It should also be differentiated from inerrancy. Inerrancy is a lack of error, while infallibility is the incapability of error.

A parallel example is the word "saved." The difference between what we Orthodox consider "saved" and most if not all Protestants do, is like night and day.

Have either of you read C.S. Lewis, especially The Great Divorce? It may not be "Orthodox", but perhaps it might (if nothing else) show you something a little different than you're used to seeing from "the West". This is from the Preface:

Blake wrote the Marriage of Heaven and Hell. If I have written of their Divorce, this is not because I think myself a fit antagonist for so great a genius, nor even because I feel at all sure that I know what he meant. But in some sense or other the attempt to make that marriage is perennial. The attempt is based on the belief that reality never presents us with an absolutely unavoidable "either-or"; that, granted skill and patience and (above all) time enough, some way of embracing both alternatives can always be found; that mere development or adjustment or refinement will somehow turn evil into good without our being called on for a final and total rejection of anything we should like to retain. This belief I take to be a disastrous error. You cannot take all luggage with you on all journeys; on one journey even your right hand and your right eye may be among the things you have to leave behind. We are not living in a world where all roads are radii of a circle and where all, if followed long enough, will therefore draw gradually nearer and finally meet at the centre: rather in a world where every road after a few miles, forks into two, and each of those into two again, and at each fork you must make a decision. Even on the biological level life is not like a pool but like a tree. It does not move towards unity but away from it and the creatures grow further apart as they increase in perfection. Good, as it ripens, becomes continually more different not only from evil but from other good.

I do not think that all who choose wrong roads perish; but their rescue consists in being put back on the right road. A wrong sum can be put right: but only by going back till you find the error and working it afresh from that point, never by simply going on. Evil can be undone, but it cannot "develop" into good. Time does not heal it. The spell must be unwound, bit by bit, "with backward mutters of dissevering power"--or else not. It is still "either-or." If we insist on keeping Hell (or even earth) we shall not see Heaven: if we accept Heaven we shall not be able to retain even the smallest and most intimate souvenirs of Hell. I believe, to be sure, that any man who reaches Heaven will find that what he abandoned (even in plucking out his right eye) was precisely nothing: that the kernel of what he was really seeking even in his most depraved wishes will be there, beyond expectation, waiting for him in "the High Countries." In that sense it will be true for those who have completed the journey (and for no others) to say that good is everything and Heaven everywhere. But we, at this end of the road, must not try to anticipate that retrospective vision. If we do, we are likely to embrace the false and disastrous converse and fancy that everything is good and everywhere Heaven.

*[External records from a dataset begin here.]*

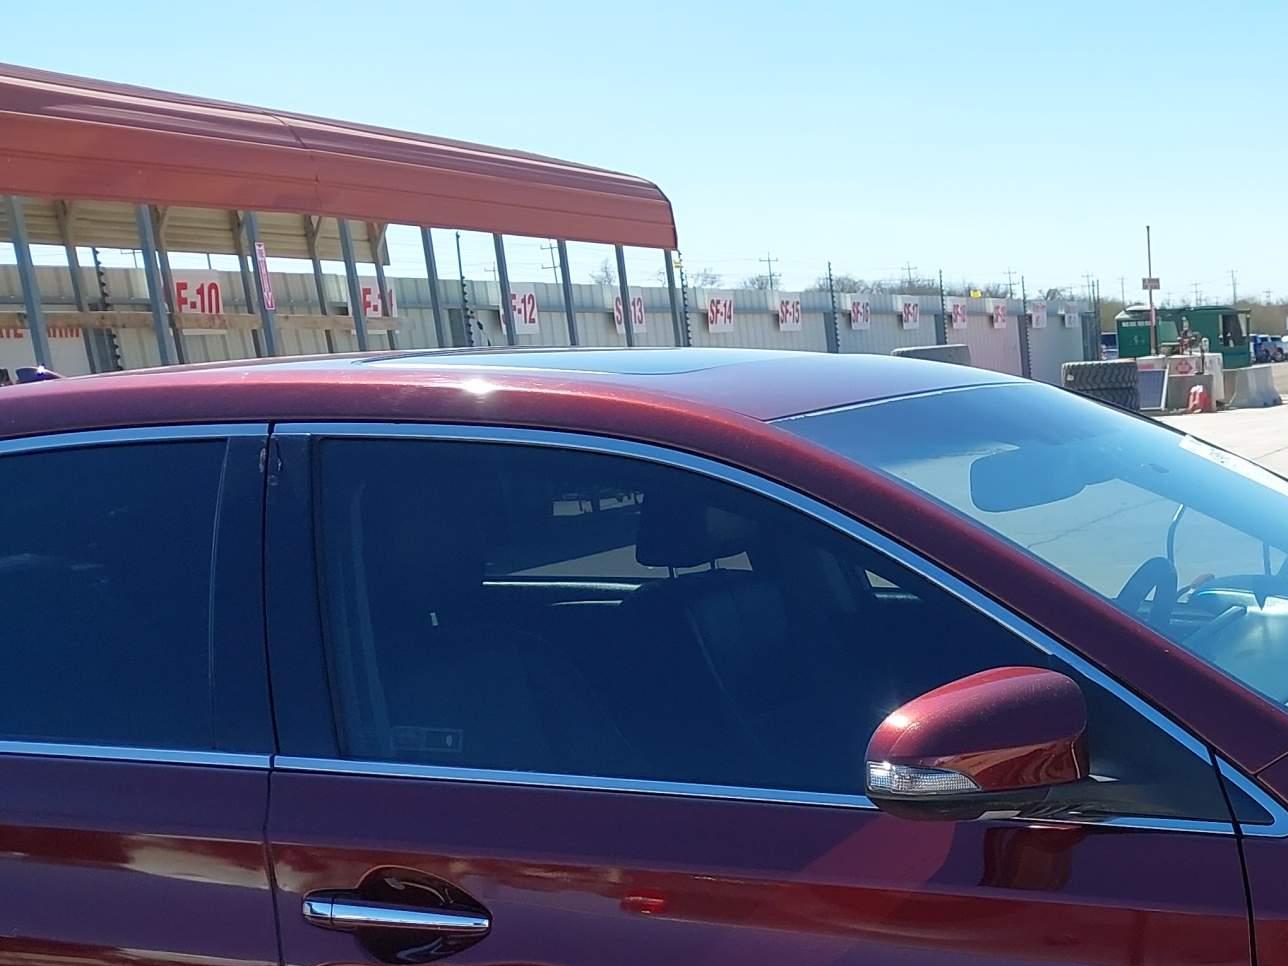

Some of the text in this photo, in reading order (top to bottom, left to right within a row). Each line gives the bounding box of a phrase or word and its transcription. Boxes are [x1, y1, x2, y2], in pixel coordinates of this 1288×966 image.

[163, 281, 221, 314] F-10
[502, 293, 536, 324] F-12
[615, 296, 644, 325] S13
[709, 299, 733, 325] SF-14
[780, 300, 800, 324] SF-15

But what, you ask, of earth? Earth, I think, will not be found by anyone to be in the end a very distinct place. I think earth, if chosen instead of Heaven, will turn out to have been, all along, only a region in Hell: and earth, if put second to Heaven, to have been from the beginning a part of Heaven itself.

***

Kosta: It is utterly un-Orthodox to argue that if we discard or doubt something in the Bible it's not gonna be pretty.

First, I'm not Orthodox, so that doesn't exactly apply to me. :) Second (and more seriously and more importantly) I never said anything about doubt. Doubt can be a very useful thing, and is the basis of scientific inquiry. In fact, if taken seriously, it shows us just how little we actually know, and demonstrates the necessity of faith.

God—our Christian God—does not draw us by fear...

If that were true in full generality, then why did Christ speak of punishment at all? Why wasn't He gentler when He rebuked the Pharisees, when He told the parable of the talents, or when he talked about the goats and the sheep? Do you think that makes Him some sort of "divine terrorist"? Fear can be an attention-grabber. God does not force us to do anything, but there many ways in which He gets our attention.

...but through love.

Yes, always!

13,130 posted on 01/31/2008 8:32:24 PM PST by Zero Sum (Liberalism: The damage ends up being a thousand times the benefit! (apologies to Rabbi Benny Lau))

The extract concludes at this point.